Loops in SCSS

·

3 min read

Loops are an exciting part of SCSS - it's like you're writing JavaScript in your CSS. But I never had a chance to use them, until recently.

The problem

I had three cards beside each other and I wanted each one to be a bit lower than the one on the right of it. Which isn't hard to do:

.card:nth-last-of-type(2) {
  transform: translateY(2em);
}
.card:last-of-type(3) {
  transform: translateY(3em);
}

Simple. But what if something changed I had more than three cards? And/or the distance they are lower than the next needs to change? It could end up with quite a bit of typing.

Loops to the rescue

With a loop you can do the transform for all the cards at once. And if you want them to be a different distance, it's easy to do.

Confusingly, SCSS has two types of loop. One that doesn't include the end and one that does. I'm using the one that does because that makes the most sense to me.

@for $i from 1 through 3 {
  .card:nth-last-of-type(#{$i}) {
    transform: translateY(($i - 1) * 1em);
  }
}

The downside is that now looks really complicated. Let's unpack it.

The solution

@for $i from 1 through 3 {

The first line here is telling it to loop from 1 to 3, inclusive (so it goes 1, 2, 3). Each time round the loop, it keeps track of which number we're on using $i. So the first time round the loop $i is 1, the second time $i is 2, etc.

.card:nth-last-of-type(#{$i}) {

The second line is slightly complicated by wanting to go backwards through the cards. Of our three cards, card 3 is at 0, card 2 is down by 1em and and 3 is down by 2em. In order to make the formula on the third line work, we need to think about these backwards. nth-last-of-type(1) is the last card (ie card 3), nth-last-of-type(2) is the second-to-last card (ie card 2).

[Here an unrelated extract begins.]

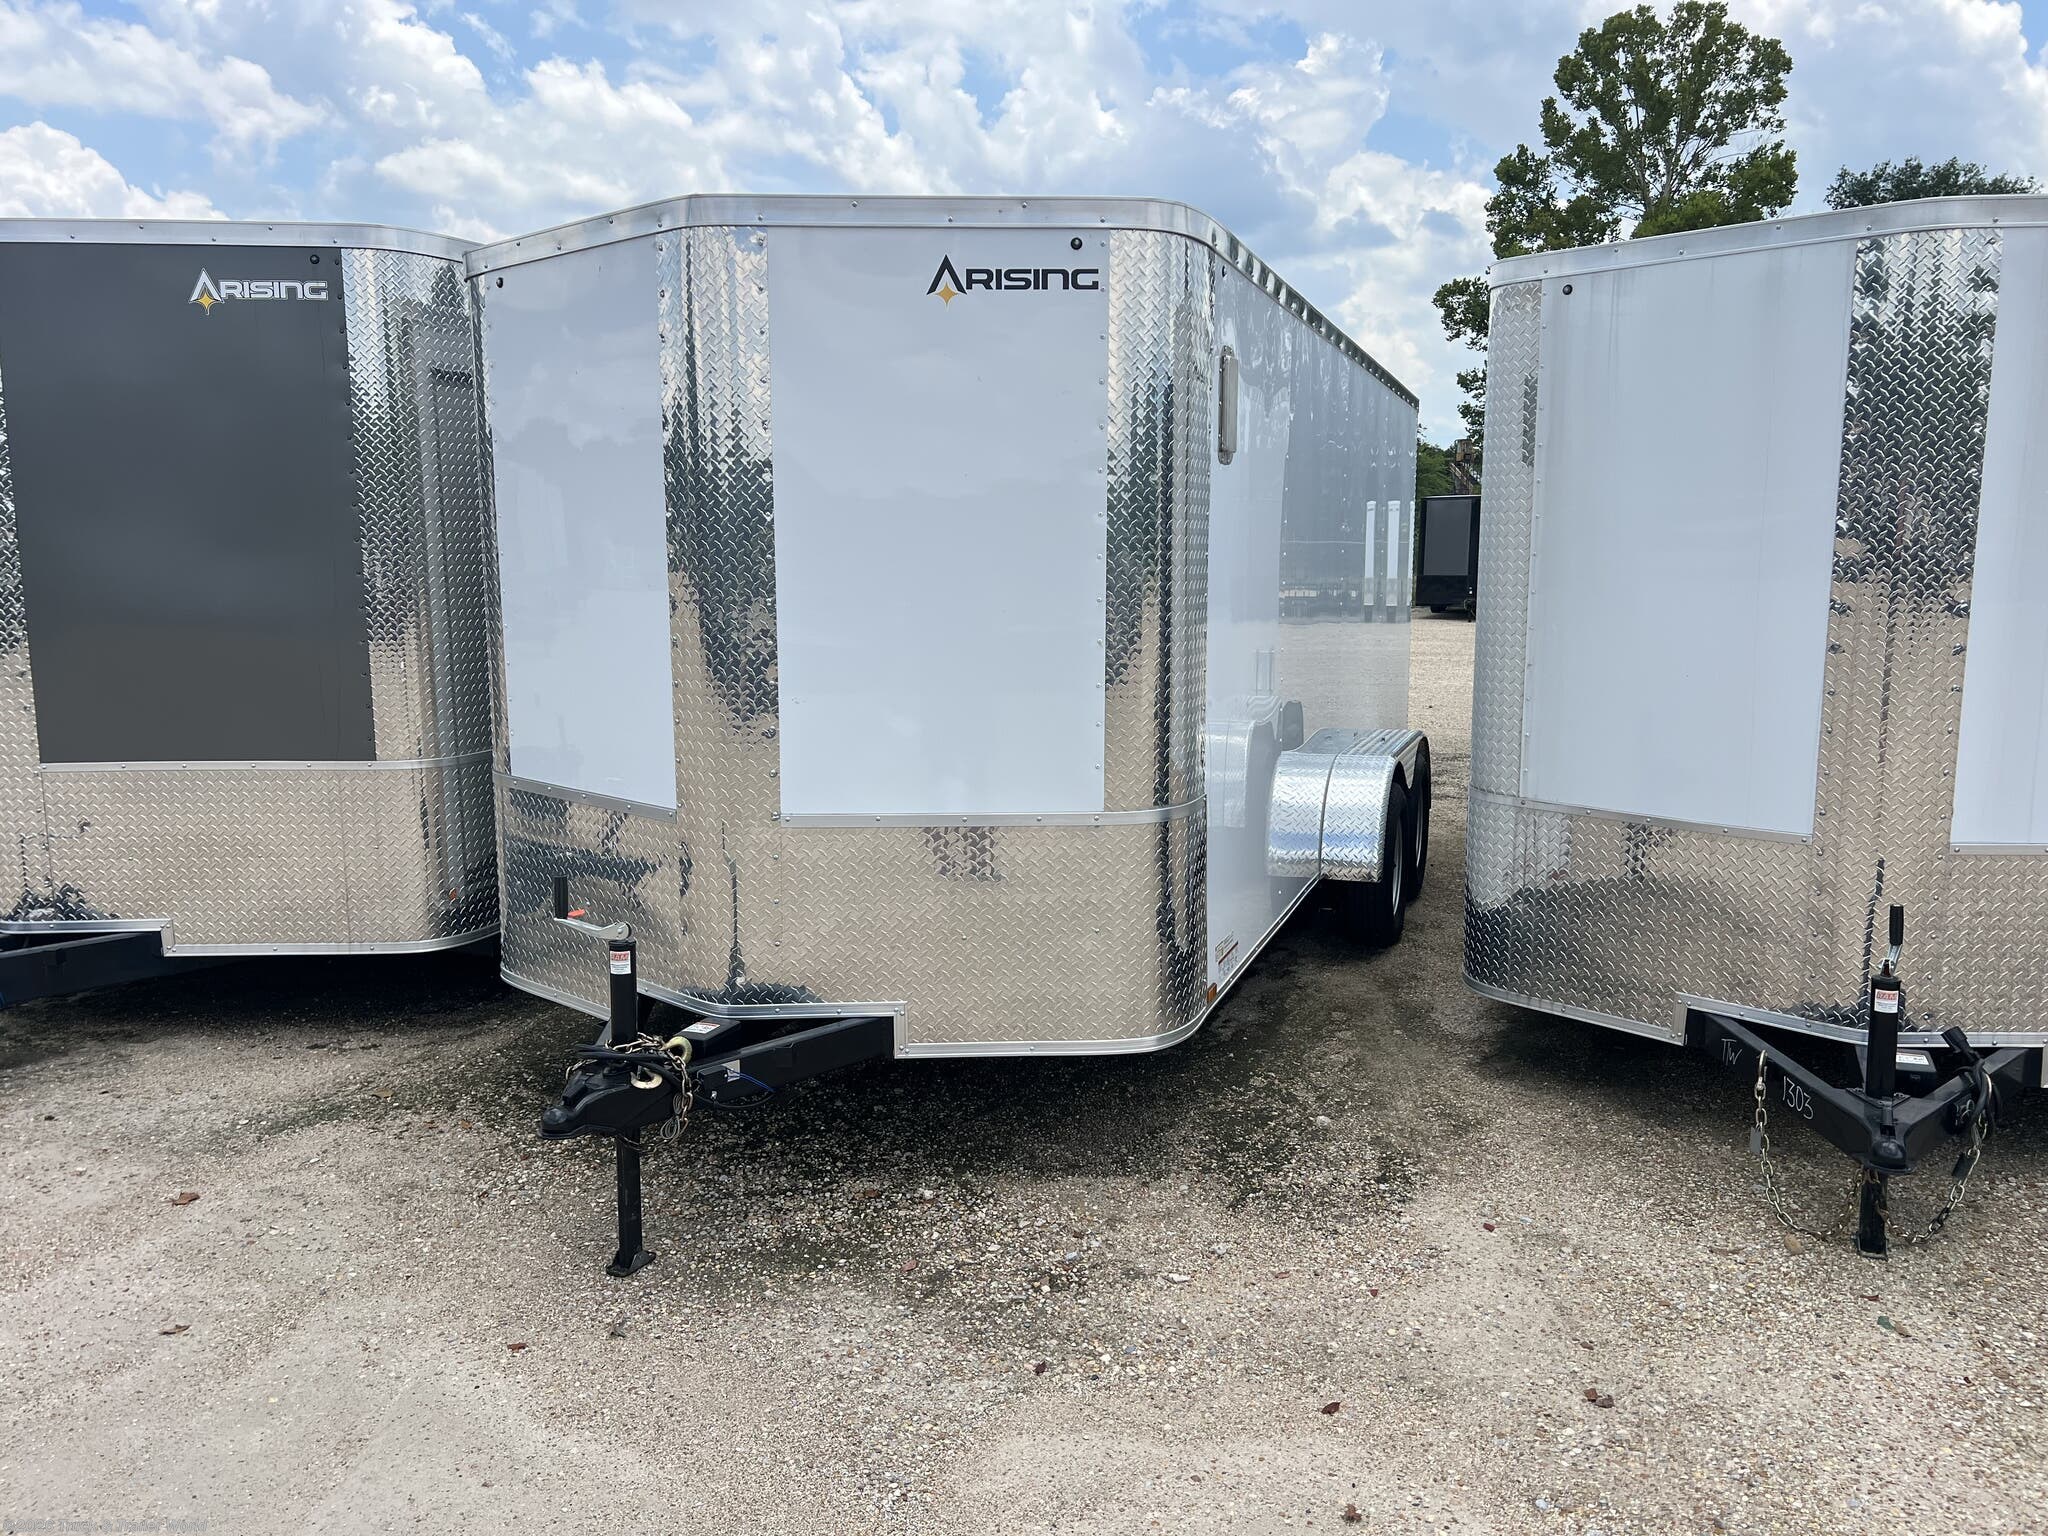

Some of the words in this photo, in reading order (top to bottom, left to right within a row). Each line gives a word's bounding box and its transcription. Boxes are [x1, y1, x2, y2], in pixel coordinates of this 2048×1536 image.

[189, 268, 329, 304] ARISING
[926, 254, 1099, 296] ARISING
[1782, 1075, 1814, 1120] 1303

We can't just use $i in our CSS selector, so we have to put #{} around it, so it knows this is something it needs to interpret, and not something to be taken literally.

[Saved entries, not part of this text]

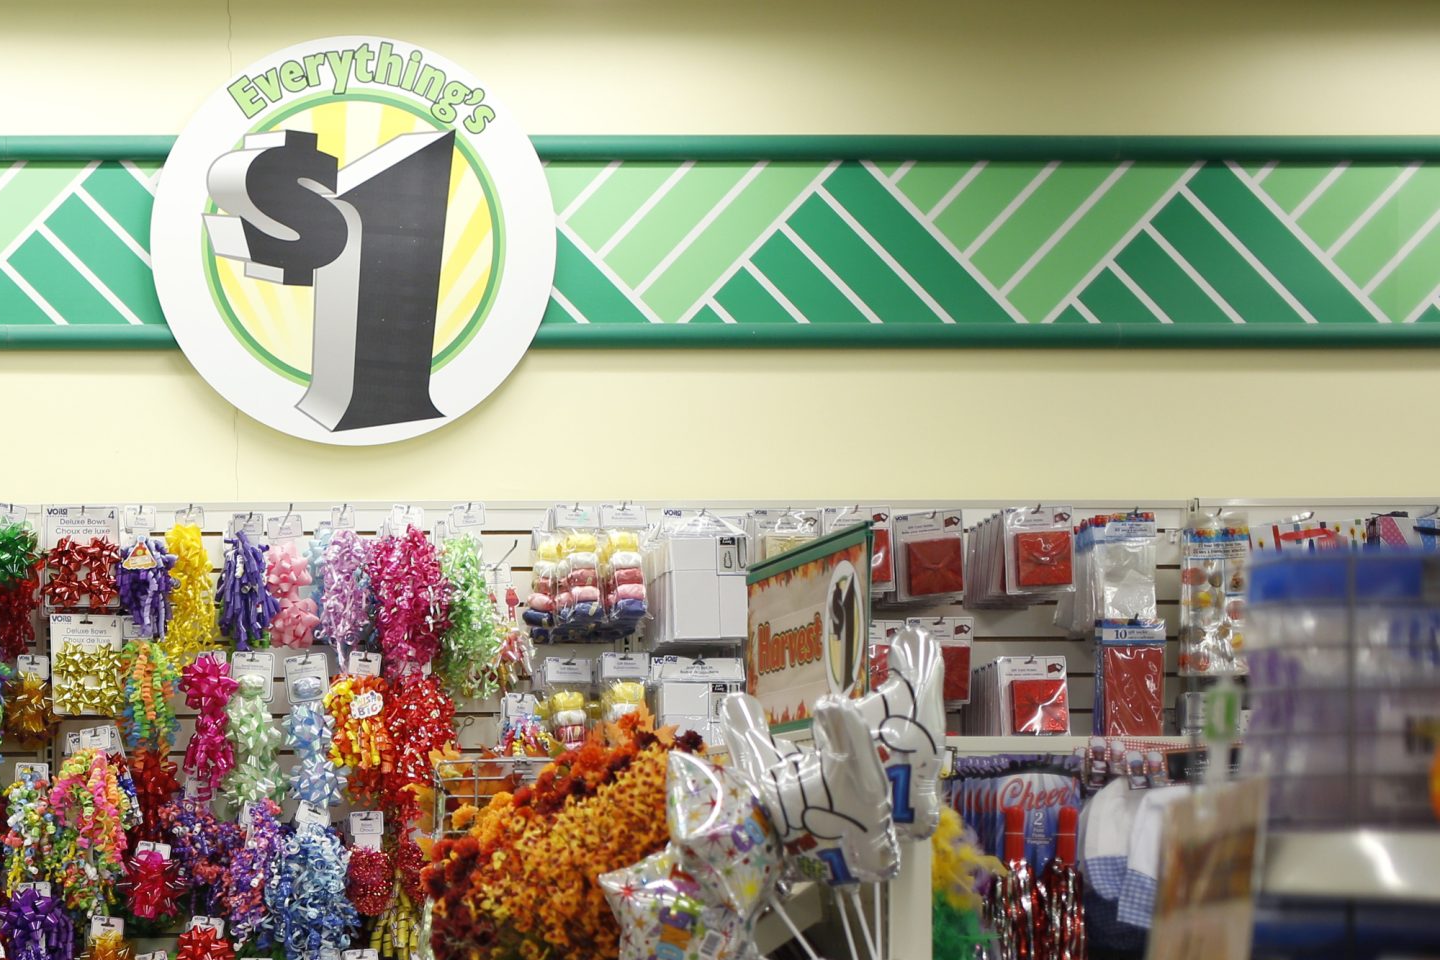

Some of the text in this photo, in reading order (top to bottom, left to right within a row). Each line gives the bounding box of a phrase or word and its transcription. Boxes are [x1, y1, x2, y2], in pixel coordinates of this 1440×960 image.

[227, 42, 496, 134] Everything's
[202, 129, 457, 432] $1
[108, 511, 115, 520] 4
[759, 612, 823, 676] Harvest
[1114, 629, 1127, 639] 10
[357, 704, 378, 716] BIG
[998, 776, 1077, 812] Cheer!
[1033, 811, 1044, 826] 2

The third line is where the maths comes out.

transform: translateY(($i - 1) * 1em);

This is the line that's working out how far to move the card. It's easiest to work this out going through each loop at a time.

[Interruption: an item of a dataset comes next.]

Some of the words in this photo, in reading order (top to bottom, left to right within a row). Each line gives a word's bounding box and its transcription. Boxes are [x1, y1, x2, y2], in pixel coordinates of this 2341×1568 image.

  1. $i = 1, nth-last-of-type(1) = card 3. translateY(1 - 1) x 1em = translateY(0) x 1em = moving down by 0em
  2. $i = 2, nth-last-of-type(2) = card 2. translateY(2 - 1) x 1em = translateY(1) x 1em = moving down by 1em
  3. $i = 3, nth-last-of-type(3) = card 1. translateY(3 - 1) x 1em = translateY(2) x 1em = moving down by 2em

Scaling it up

We can now easily scale the loop up so we have 10 cards and each card moves down by 0.5em.

@for $i from 1 through 10 {
  .card:nth-last-of-type(#{$i}) {
    transform: translateY(($i - 1) * 0.5em);
  }
}

From our original loop I only changed two things:

  1. The number of cards on line 1
  2. The distance they move on line 3

Which is a lot easier than pasting the same snippet of code in 10 times.